From his stories these were his most interesting days of the war. Trading army rations for eggs and wine with locals, tearing around the countryside on his motorcycle, and generally “chasing the Germans back where they came from” all brought a sparkle to his eye in the retelling. If you could coax a story out of him that is.
There were also darker moments. I believe it was from being a first hand witness that he stated, “Tanks are death traps, you’d never catch me in one. People get cooked alive.” Or the story of a friend who just happened to be on the motorbike ahead of him instead of behind him and was killed when he ran into a rearguard German booby trap – a wire stretched at chest height across a road. Chasing the Germans could be dangerous business.
The happiest day by far for him was the day he was demobbed and sent home. He thought it best to leave the military as far behind him as possible. I remember talking over future careers with him when I was in high school. At the mention of joining the military he got very serious and said,
Son, don’t join up unless they make you. War is no life at all.
After the war he stuck around post-war England for a decade then immigrated to Canada where his electrician’s papers were in high demand. He said he’d have preferred to go to Australia because of the weather and great swimming but he couldn’t afford the ship’s passage fee. Canada it was. He met my mother, a nurse practitioner midwife, at a Riverdale Hospital dance in Toronto. My mum had left her native England for Canada for many of the same reasons as my father. The rest is my history.

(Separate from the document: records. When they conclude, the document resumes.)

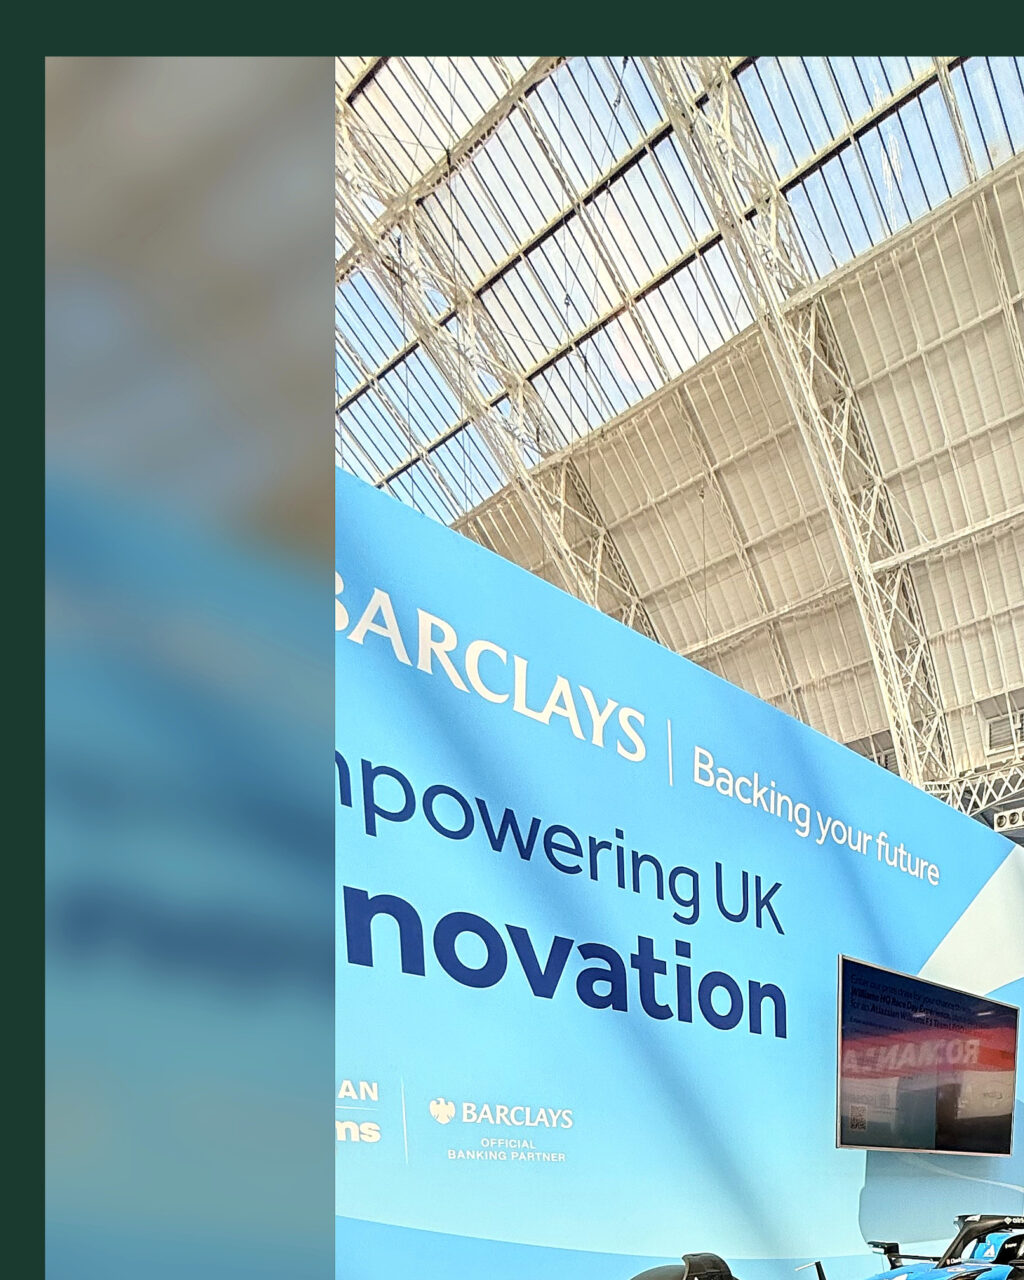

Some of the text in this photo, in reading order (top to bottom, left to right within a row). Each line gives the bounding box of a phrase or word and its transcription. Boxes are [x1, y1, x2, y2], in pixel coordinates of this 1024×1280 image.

[693, 745, 940, 886] Backing your future
[715, 861, 785, 936] UK
[342, 885, 788, 1039] novation
[337, 1079, 379, 1101] AN
[461, 1101, 574, 1129] BARCLAYS
[447, 1149, 566, 1163] BANKING PARTNER
[480, 1137, 537, 1149] OFFICIAL
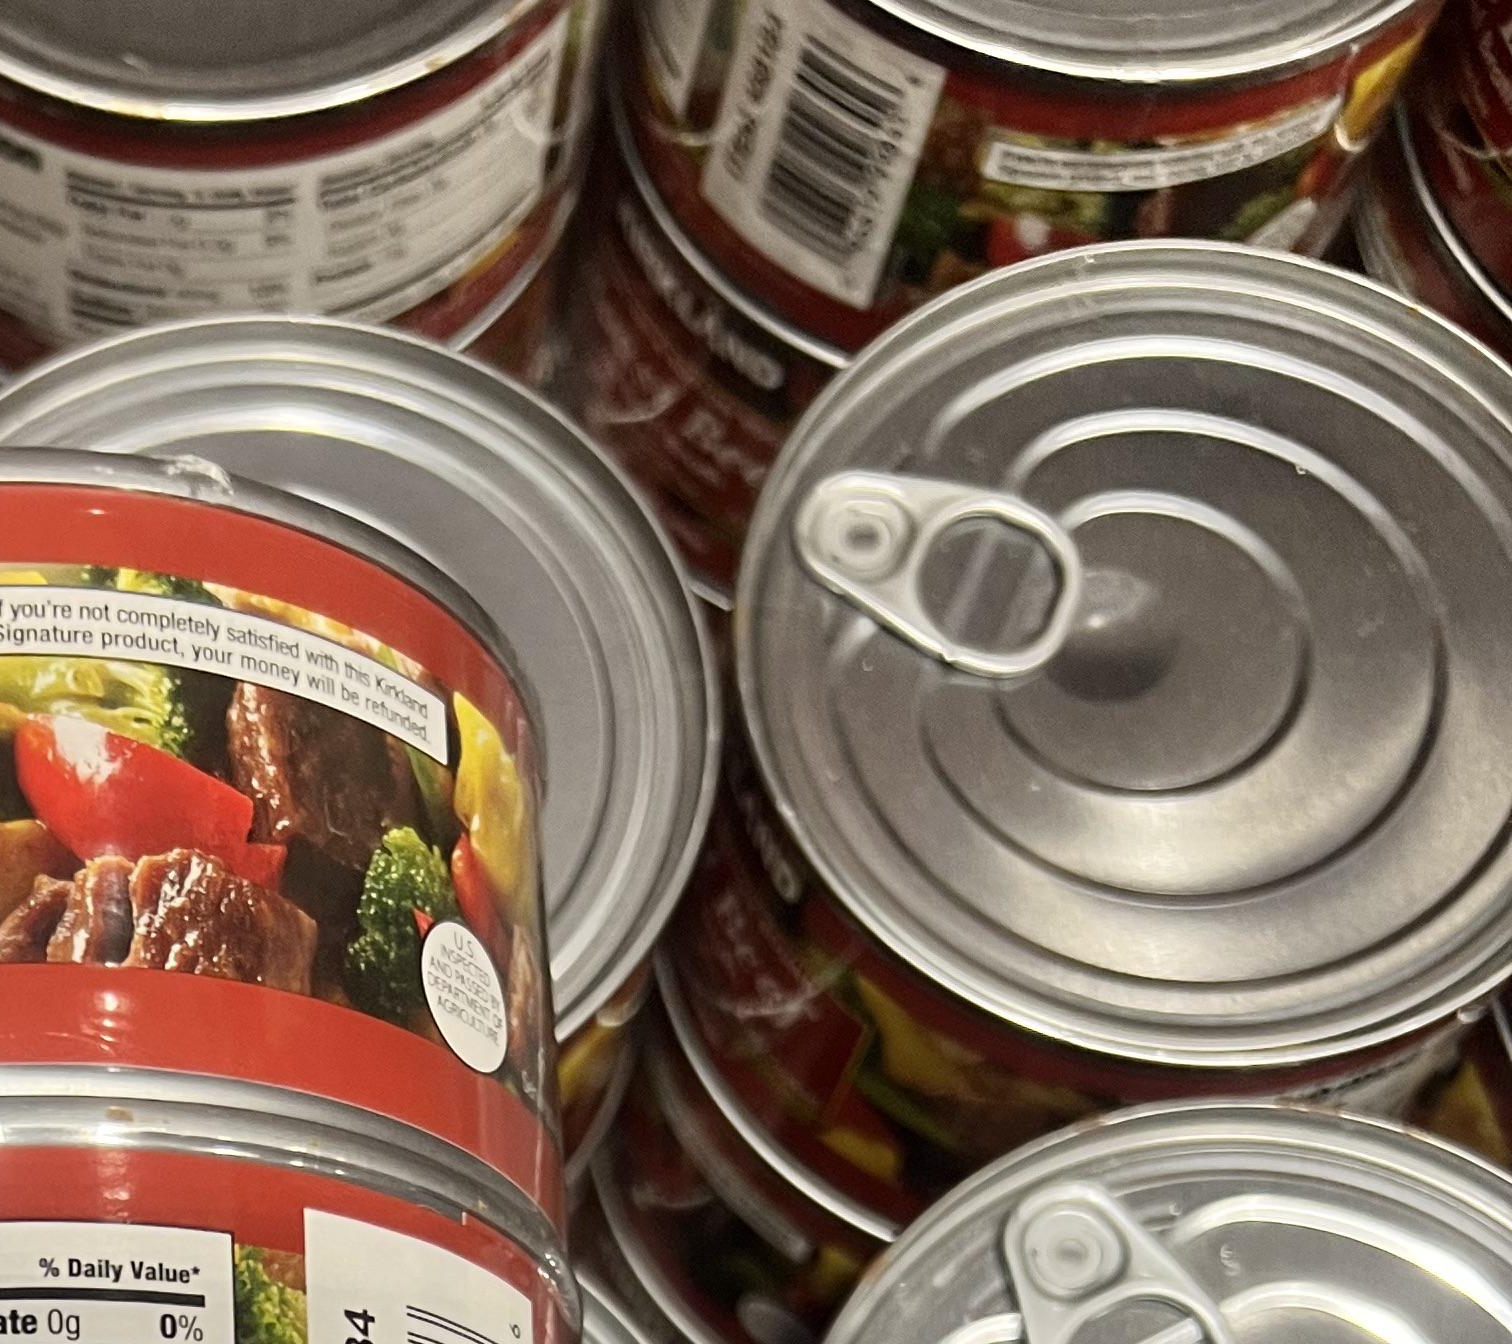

He was no war hero, and had no desire or pretense to be one. He did his duty as best as he could and I imagine him as staunch an ally in war as he was to me in civilian life. In characteristic fashion he managed to make the best of a bad situation and have more than a little fun doing it. WWII was a defining period in his life but not one he looked back at with nostalgia. The only time I ever saw him with a tear in his eye was on Remembrance Day when he thought back to the terrible cost of war.
With an unvarnished love, affection, and respect for who and what he was: That’s how I remember him.